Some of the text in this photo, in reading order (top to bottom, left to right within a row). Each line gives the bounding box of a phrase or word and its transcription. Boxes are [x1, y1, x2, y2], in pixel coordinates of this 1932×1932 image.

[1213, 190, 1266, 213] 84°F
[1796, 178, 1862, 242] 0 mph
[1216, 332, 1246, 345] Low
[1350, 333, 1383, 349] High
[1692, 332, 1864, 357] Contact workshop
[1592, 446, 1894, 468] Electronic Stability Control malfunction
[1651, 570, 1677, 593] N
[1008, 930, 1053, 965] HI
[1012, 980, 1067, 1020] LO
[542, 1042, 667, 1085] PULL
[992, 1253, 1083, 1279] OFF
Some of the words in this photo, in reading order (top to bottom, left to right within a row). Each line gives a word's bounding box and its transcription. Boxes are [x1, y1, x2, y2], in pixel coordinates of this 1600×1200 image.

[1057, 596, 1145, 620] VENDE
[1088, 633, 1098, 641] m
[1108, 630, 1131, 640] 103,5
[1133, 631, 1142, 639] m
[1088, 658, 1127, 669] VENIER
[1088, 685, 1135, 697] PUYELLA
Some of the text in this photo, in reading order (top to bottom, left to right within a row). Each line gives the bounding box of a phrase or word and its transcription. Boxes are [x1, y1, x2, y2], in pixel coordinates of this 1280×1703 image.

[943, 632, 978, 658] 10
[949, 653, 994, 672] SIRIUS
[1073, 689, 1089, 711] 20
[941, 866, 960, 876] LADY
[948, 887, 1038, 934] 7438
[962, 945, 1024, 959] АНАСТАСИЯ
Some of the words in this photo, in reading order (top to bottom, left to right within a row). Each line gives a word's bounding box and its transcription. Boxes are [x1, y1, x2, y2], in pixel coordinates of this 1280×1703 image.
====================
* _Task description_: Every entry should be restated word for word.

* _Response area_:
Some of the text in this photo, in reading order (top to bottom, left to right within a row). Each line gives the bounding box of a phrase or word and its transcription. Boxes are [x1, y1, x2, y2], in pixel coordinates of this 1932×1932 image.

[1213, 190, 1266, 213] 84°F
[1796, 178, 1862, 242] 0 mph
[1216, 332, 1246, 345] Low
[1350, 333, 1383, 349] High
[1692, 332, 1864, 357] Contact workshop
[1592, 446, 1894, 468] Electronic Stability Control malfunction
[1651, 570, 1677, 593] N
[1008, 930, 1053, 965] HI
[1012, 980, 1067, 1020] LO
[542, 1042, 667, 1085] PULL
[992, 1253, 1083, 1279] OFF
Some of the words in this photo, in reading order (top to bottom, left to right within a row). Each line gives a word's bounding box and its transcription. Boxes are [x1, y1, x2, y2], in pixel coordinates of this 1600×1200 image.

[1057, 596, 1145, 620] VENDE
[1088, 633, 1098, 641] m
[1108, 630, 1131, 640] 103,5
[1133, 631, 1142, 639] m
[1088, 658, 1127, 669] VENIER
[1088, 685, 1135, 697] PUYELLA
Some of the text in this photo, in reading order (top to bottom, left to right within a row). Each line gives the bounding box of a phrase or word and its transcription. Boxes are [x1, y1, x2, y2], in pixel coordinates of this 1280×1703 image.

[943, 632, 978, 658] 10
[949, 653, 994, 672] SIRIUS
[1073, 689, 1089, 711] 20
[941, 866, 960, 876] LADY
[948, 887, 1038, 934] 7438
[962, 945, 1024, 959] АНАСТАСИЯ
Some of the words in this photo, in reading order (top to bottom, left to right within a row). Each line gives a word's bounding box and its transcription. Boxes are [x1, y1, x2, y2], in pixel coordinates of this 1280×1703 image.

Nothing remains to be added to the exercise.